Madame First Lady—Mrs. Biden—Jill—kiddo–sweet cheeks, let me give you a bit of free advice: drop the “Jill.”
You’ve had your fun gallivanting around on the campaign, kissing babies, and calling yourself “Jill.” But who are we kidding? You’re not a good kisser and you’re definitely not a real Jill. Sure, your parents (one of whom, shall I remind you, was a woman) may have given you that name at birth, though I must assume they were ignorant to its true meaning.
Technically there’s nothing stopping you from going by “Jill.” But any self-respecting, Reagan-loving, carbon-guzzling sycophant knows the unwritten rule that the “Jill” title is exclusively reserved for licensed medical professionals. Frankly, it’s irresponsible for any “Jill” to be unprepared to administer sutures to those wealthy enough for healthcare.
You think you’re a “Jill” because you wrote a thesis on “Student Retention at the Community College Level: Meeting Students’ Needs.” Well, guess what? I don’t care about meeting students’ needs. Frankly, it sounds like a snooze. I didn’t even know people really went to community college. I thought it was just a myth my parents made up to scare me away from doing hard drugs.
I may not have the qualifications of a professor, doctor, or writer, but I can’t and won’t be stopped from telling you how to live your life. See, the key difference between me and you, Mrs. First Lady is that you are a charlatan and I am a man.
A wise man once said that no one should call himself “Dr.” unless he has delivered a child.
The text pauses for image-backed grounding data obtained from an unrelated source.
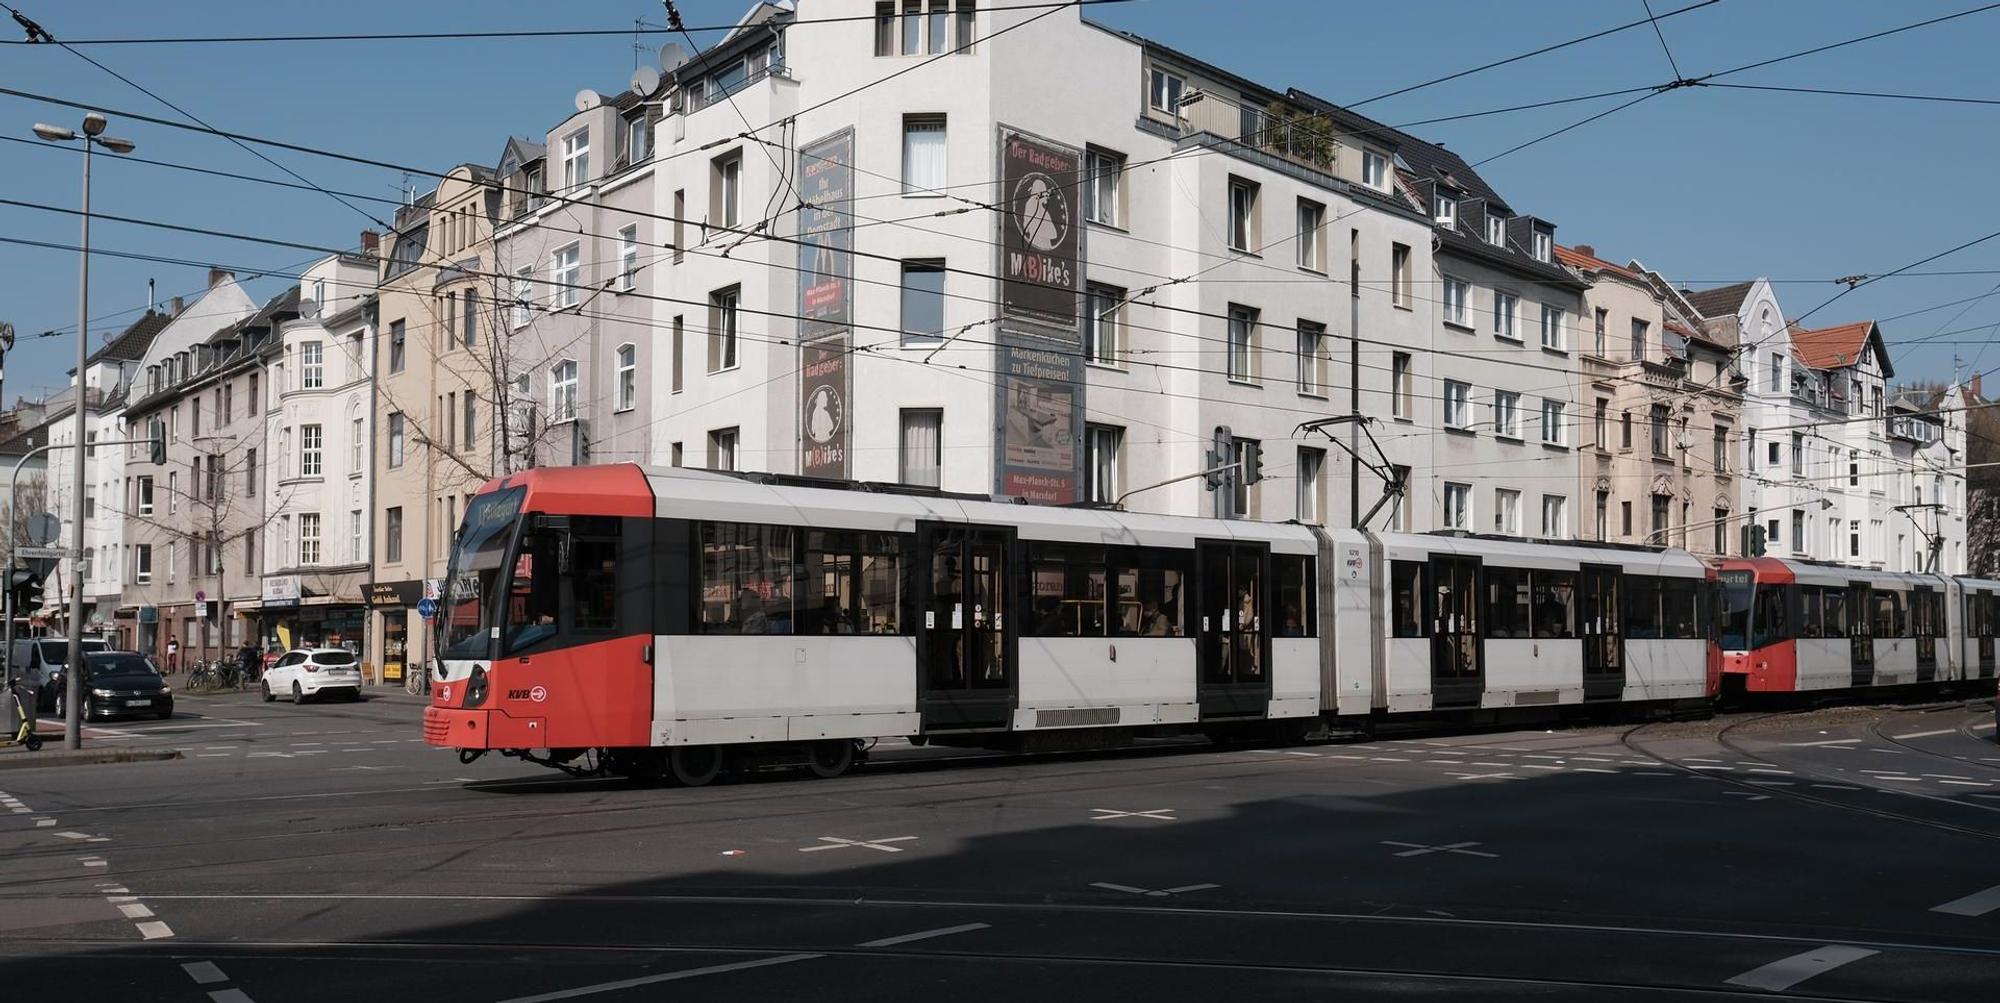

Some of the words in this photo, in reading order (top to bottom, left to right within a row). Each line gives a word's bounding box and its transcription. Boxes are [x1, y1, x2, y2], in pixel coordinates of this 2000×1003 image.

[1012, 142, 1027, 158] Der
[1010, 252, 1070, 286] M(B)ike's
[1012, 362, 1021, 373] zu
[1023, 363, 1070, 381] Tiefpreisen!
[805, 443, 843, 468] M(B)ike's
[508, 689, 531, 699] KVB
That same man also said, “I don’t think there is anything particularly wrong about hitting a woman, although I don’t recommend doing it in the same way that you’d hit a man.” That man was Sean Connery.
I’ve taken the time to brainstorm some alternative titles for you to go by. I’d highly suggest one of the following: Mrs. Joe Biden, Woman, The Wench in the White House. You kind of look like a Betsy, or maybe even a Beatrice. So long as we can refer to you as “That B,” it’s fine by me.